▸ Records from a data collection
+++++
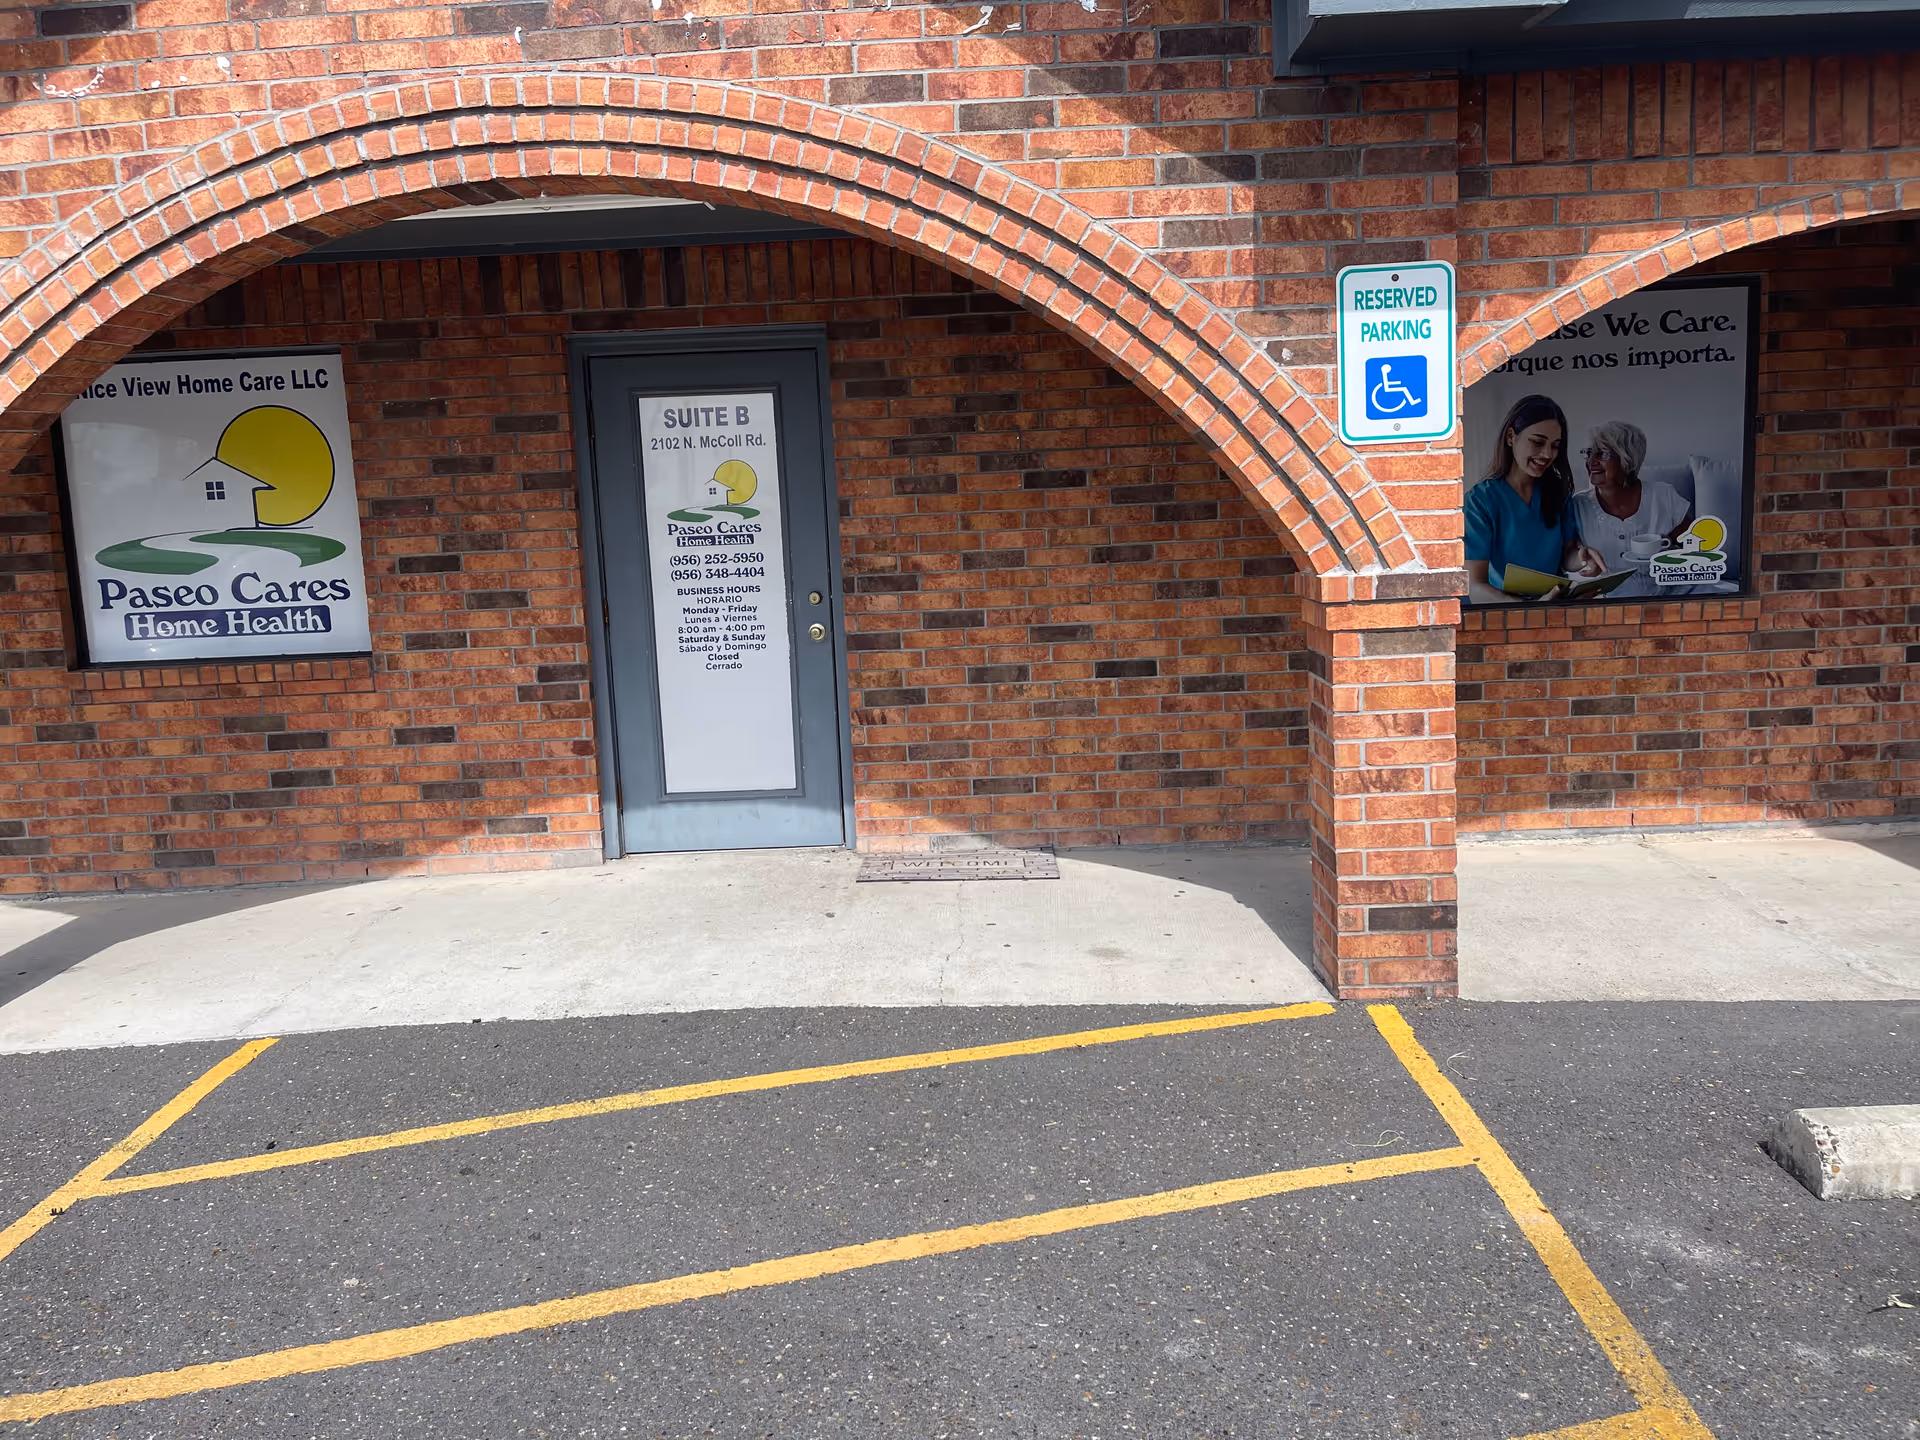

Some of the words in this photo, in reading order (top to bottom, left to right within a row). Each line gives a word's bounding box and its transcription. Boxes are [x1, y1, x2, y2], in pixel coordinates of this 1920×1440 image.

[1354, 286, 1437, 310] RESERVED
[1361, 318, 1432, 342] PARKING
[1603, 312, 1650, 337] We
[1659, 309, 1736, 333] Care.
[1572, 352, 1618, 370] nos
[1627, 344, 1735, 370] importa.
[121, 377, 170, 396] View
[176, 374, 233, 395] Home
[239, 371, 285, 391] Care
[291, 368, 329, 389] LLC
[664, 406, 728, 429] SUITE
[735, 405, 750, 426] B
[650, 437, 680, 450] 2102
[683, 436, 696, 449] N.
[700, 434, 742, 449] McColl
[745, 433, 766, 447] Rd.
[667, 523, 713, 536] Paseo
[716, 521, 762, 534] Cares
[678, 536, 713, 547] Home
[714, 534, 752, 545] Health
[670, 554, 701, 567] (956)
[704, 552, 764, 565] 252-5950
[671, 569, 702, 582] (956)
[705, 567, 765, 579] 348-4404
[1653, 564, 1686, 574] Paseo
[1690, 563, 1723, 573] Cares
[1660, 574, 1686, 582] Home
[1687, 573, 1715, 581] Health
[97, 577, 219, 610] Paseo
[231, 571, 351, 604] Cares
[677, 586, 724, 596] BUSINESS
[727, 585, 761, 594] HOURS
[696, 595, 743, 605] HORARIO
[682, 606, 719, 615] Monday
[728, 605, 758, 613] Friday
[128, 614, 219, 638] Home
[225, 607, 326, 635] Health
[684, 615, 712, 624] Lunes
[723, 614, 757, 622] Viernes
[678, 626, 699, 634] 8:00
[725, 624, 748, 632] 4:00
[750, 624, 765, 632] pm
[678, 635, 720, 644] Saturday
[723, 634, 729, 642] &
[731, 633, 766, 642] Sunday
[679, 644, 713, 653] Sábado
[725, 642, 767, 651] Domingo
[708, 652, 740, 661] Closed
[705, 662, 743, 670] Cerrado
+++++
▸ What is required
Your answer should be all lines from the data that contain "Health".

▸ Solution
[714, 534, 752, 545] Health
[1687, 573, 1715, 581] Health
[225, 607, 326, 635] Health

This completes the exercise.